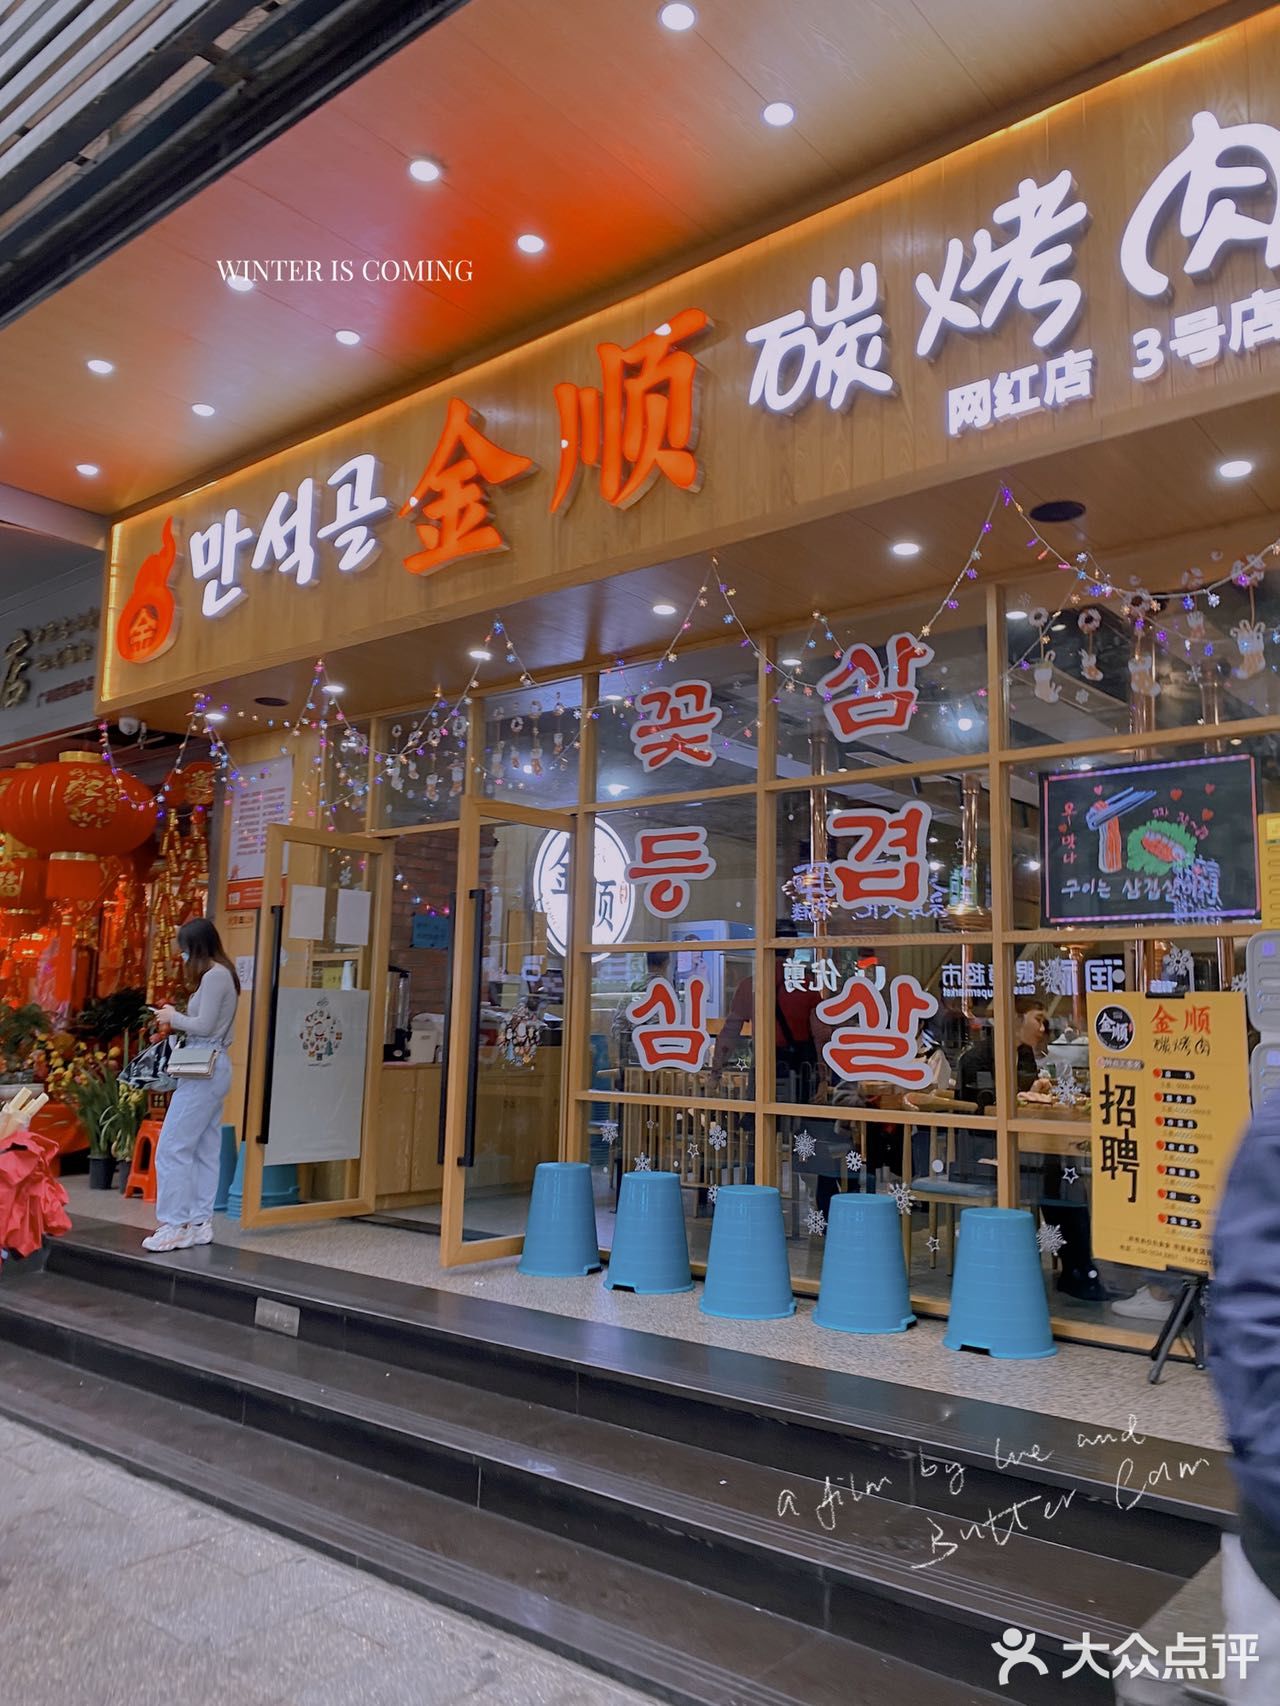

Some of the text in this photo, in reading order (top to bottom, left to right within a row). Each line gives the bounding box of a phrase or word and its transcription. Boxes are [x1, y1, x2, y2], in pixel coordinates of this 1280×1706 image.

[948, 289, 1280, 436] 网红店 3号店
[190, 454, 389, 617] 만석골
[1152, 1004, 1211, 1035] 金顺
[1099, 1074, 1140, 1203] 招聘
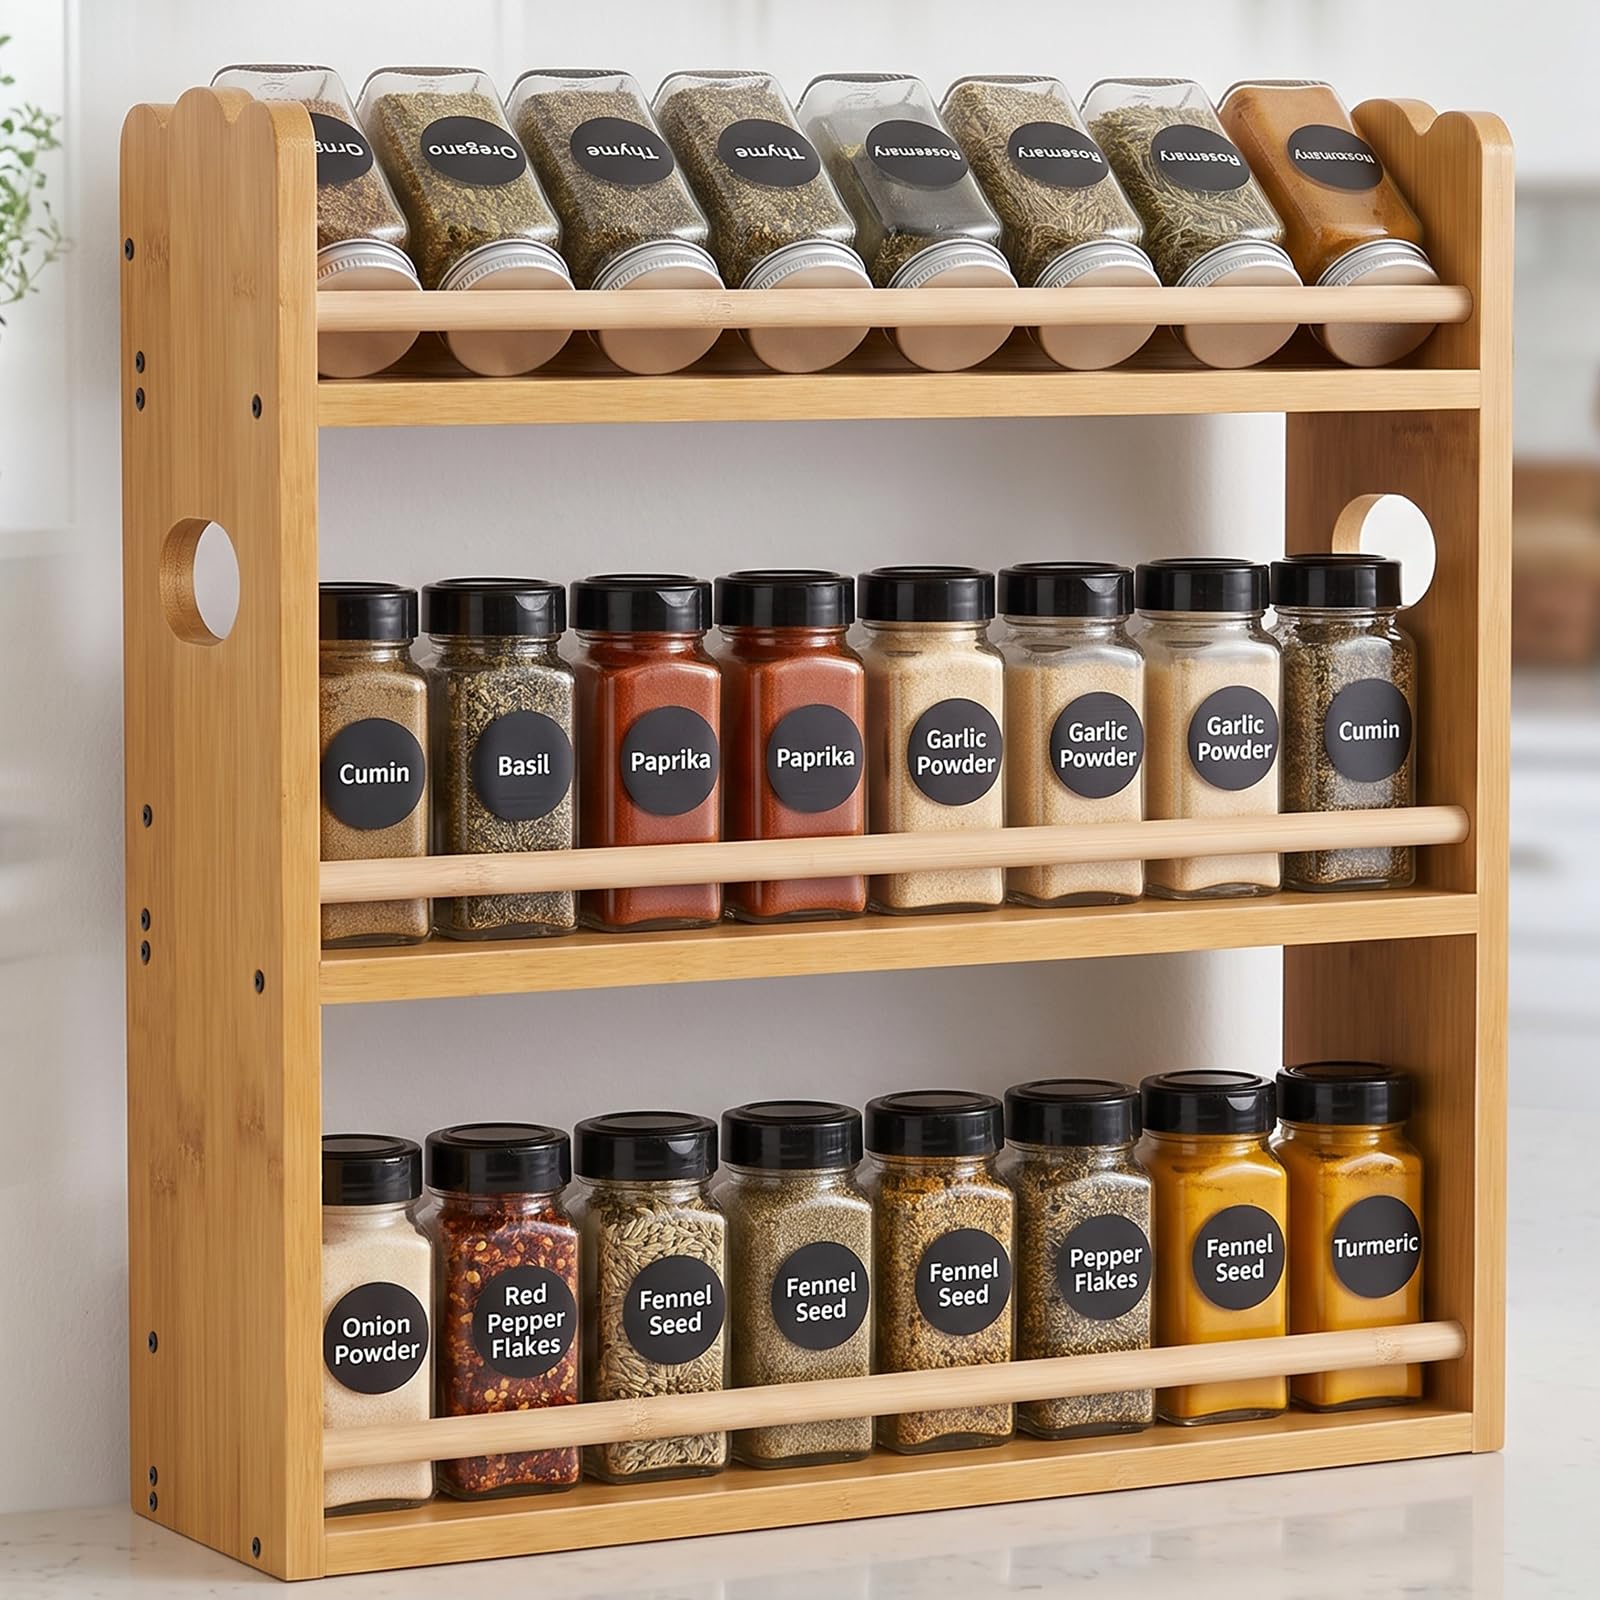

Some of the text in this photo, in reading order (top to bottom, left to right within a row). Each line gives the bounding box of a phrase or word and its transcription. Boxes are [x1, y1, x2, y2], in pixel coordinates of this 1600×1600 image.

[428, 141, 518, 159] Oregano
[586, 142, 660, 160] Thyme
[734, 143, 806, 161] Thyme
[1018, 146, 1103, 164] Rosemary
[1160, 149, 1242, 167] Rosemary
[1068, 720, 1128, 743] Garlic
[1206, 713, 1265, 736] Garlic
[1338, 718, 1400, 742] Cumin
[926, 727, 987, 750] Garlic
[1198, 738, 1273, 762] Powder
[498, 753, 551, 777] Basil
[631, 748, 711, 776] Paprika
[777, 745, 855, 772] Paprika
[917, 753, 997, 776] Powder
[1060, 746, 1138, 769] Powder
[339, 761, 410, 785] Cumin
[1207, 1232, 1274, 1258] Fennel
[1333, 1232, 1418, 1258] Turmeric
[930, 1257, 999, 1283] Fennel
[1070, 1247, 1143, 1271] Pepper
[1216, 1258, 1264, 1283] Seed
[787, 1271, 857, 1298] Fennel
[1075, 1270, 1138, 1293] Flakes
[505, 1282, 547, 1306] Red
[640, 1283, 712, 1311] Fennel
[938, 1283, 989, 1307] Seed
[796, 1297, 847, 1322] Seed
[342, 1314, 411, 1338] Onion
[488, 1311, 566, 1337] Pepper
[649, 1310, 702, 1336] Seed
[335, 1339, 421, 1365] Powder
[492, 1335, 561, 1359] Flakes

### PROBLEM REQUIREMENTS
Drop the pictures, then write out everything else in the records exactly.

### YOUR RESPONSE
Some of the text in this photo, in reading order (top to bottom, left to right within a row). Each line gives the bounding box of a phrase or word and its transcription. Boxes are [x1, y1, x2, y2], in pixel coordinates of this 1280×1706 image.

[948, 289, 1280, 436] 网红店 3号店
[190, 454, 389, 617] 만석골
[1152, 1004, 1211, 1035] 金顺
[1099, 1074, 1140, 1203] 招聘

Some of the text in this photo, in reading order (top to bottom, left to right within a row). Each line gives the bounding box of a phrase or word and its transcription. Boxes are [x1, y1, x2, y2], in pixel coordinates of this 1600×1600 image.

[428, 141, 518, 159] Oregano
[586, 142, 660, 160] Thyme
[734, 143, 806, 161] Thyme
[1018, 146, 1103, 164] Rosemary
[1160, 149, 1242, 167] Rosemary
[1068, 720, 1128, 743] Garlic
[1206, 713, 1265, 736] Garlic
[1338, 718, 1400, 742] Cumin
[926, 727, 987, 750] Garlic
[1198, 738, 1273, 762] Powder
[498, 753, 551, 777] Basil
[631, 748, 711, 776] Paprika
[777, 745, 855, 772] Paprika
[917, 753, 997, 776] Powder
[1060, 746, 1138, 769] Powder
[339, 761, 410, 785] Cumin
[1207, 1232, 1274, 1258] Fennel
[1333, 1232, 1418, 1258] Turmeric
[930, 1257, 999, 1283] Fennel
[1070, 1247, 1143, 1271] Pepper
[1216, 1258, 1264, 1283] Seed
[787, 1271, 857, 1298] Fennel
[1075, 1270, 1138, 1293] Flakes
[505, 1282, 547, 1306] Red
[640, 1283, 712, 1311] Fennel
[938, 1283, 989, 1307] Seed
[796, 1297, 847, 1322] Seed
[342, 1314, 411, 1338] Onion
[488, 1311, 566, 1337] Pepper
[649, 1310, 702, 1336] Seed
[335, 1339, 421, 1365] Powder
[492, 1335, 561, 1359] Flakes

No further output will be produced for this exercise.